> [PROBLEM TO WORK ON] Omit the pictures found among the records and print everything else exactly as it stands.

◆ ◆ ◆

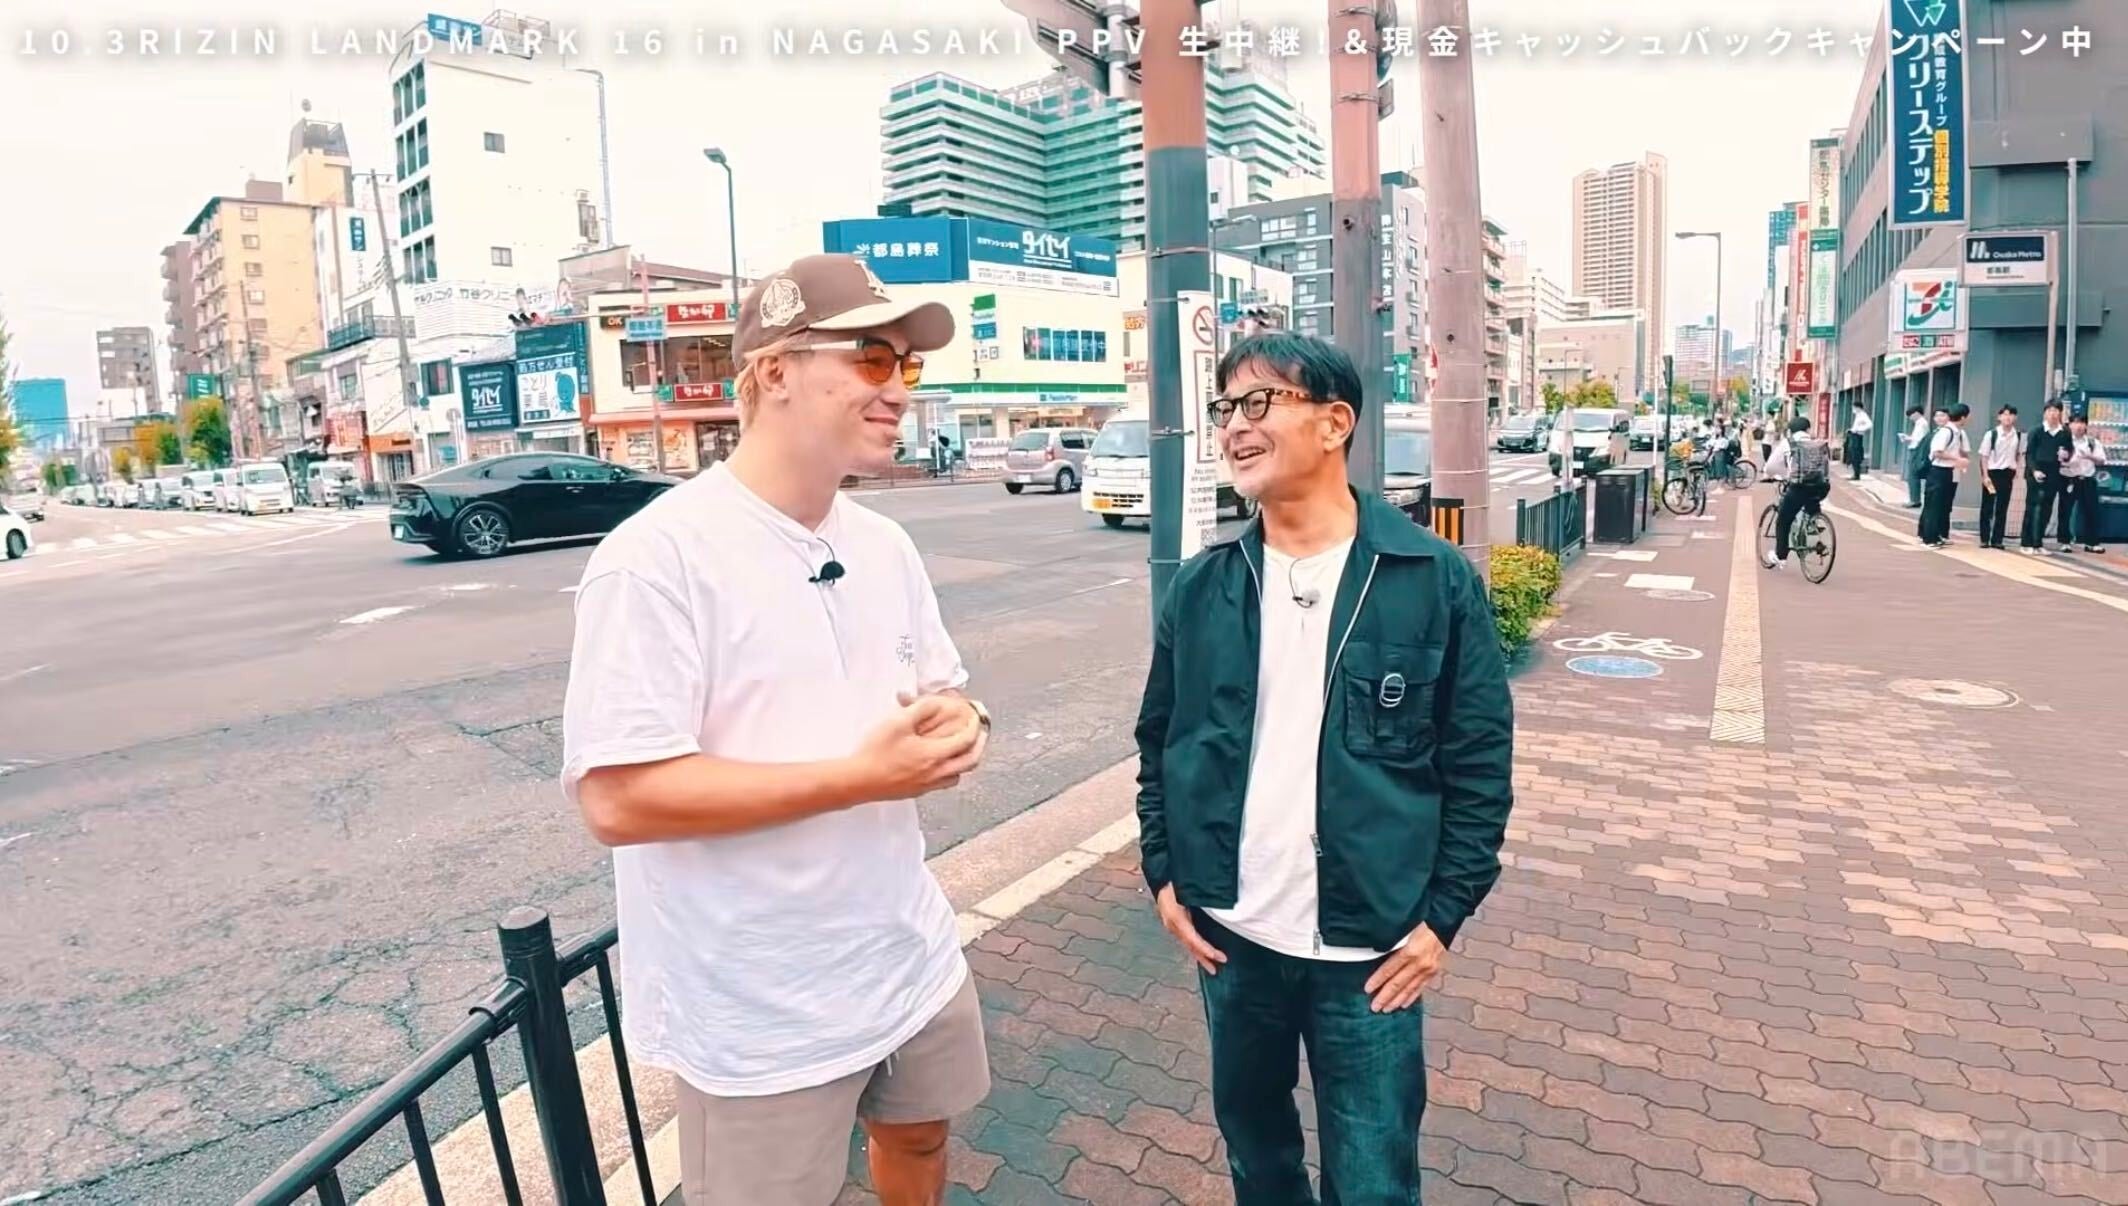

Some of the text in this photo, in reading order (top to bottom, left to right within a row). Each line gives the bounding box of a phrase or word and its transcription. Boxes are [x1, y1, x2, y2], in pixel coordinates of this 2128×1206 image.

[873, 242, 939, 257] 都島葬祭
[1022, 230, 1071, 259] タイセイ
[2018, 250, 2042, 258] Metro
[607, 316, 623, 326] OK
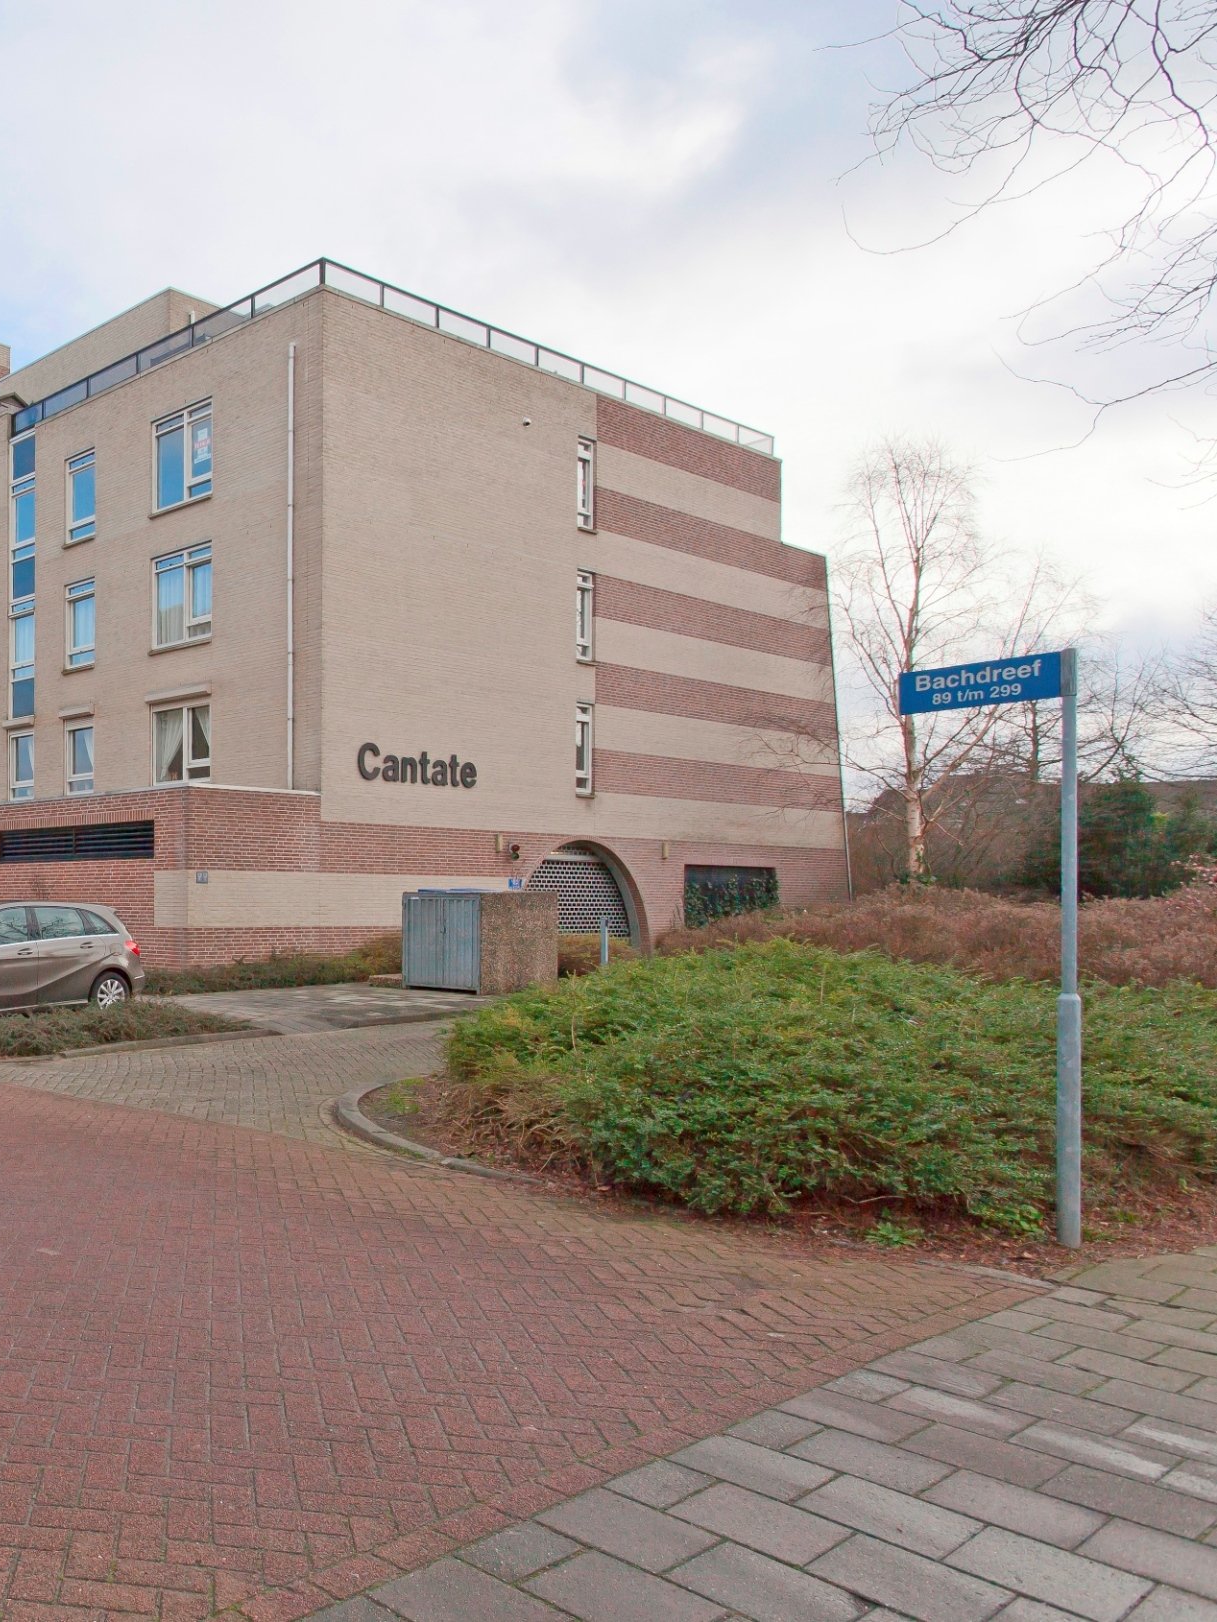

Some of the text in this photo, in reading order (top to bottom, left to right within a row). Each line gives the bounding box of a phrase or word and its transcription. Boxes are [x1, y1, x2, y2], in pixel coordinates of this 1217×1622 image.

[915, 659, 1042, 692] Bachdreef
[932, 683, 1022, 705] 89 t/m 299
[357, 742, 478, 789] Cantate

◆ ◆ ◆

> [SOLUTION FOR THIS PROBLEM]
Some of the text in this photo, in reading order (top to bottom, left to right within a row). Each line gives the bounding box of a phrase or word and its transcription. Boxes are [x1, y1, x2, y2], in pixel coordinates of this 2128×1206 image.

[873, 242, 939, 257] 都島葬祭
[1022, 230, 1071, 259] タイセイ
[2018, 250, 2042, 258] Metro
[607, 316, 623, 326] OK

Some of the text in this photo, in reading order (top to bottom, left to right within a row). Each line gives the bounding box of a phrase or word and its transcription. Boxes are [x1, y1, x2, y2], in pixel coordinates of this 1217×1622 image.

[915, 659, 1042, 692] Bachdreef
[932, 683, 1022, 705] 89 t/m 299
[357, 742, 478, 789] Cantate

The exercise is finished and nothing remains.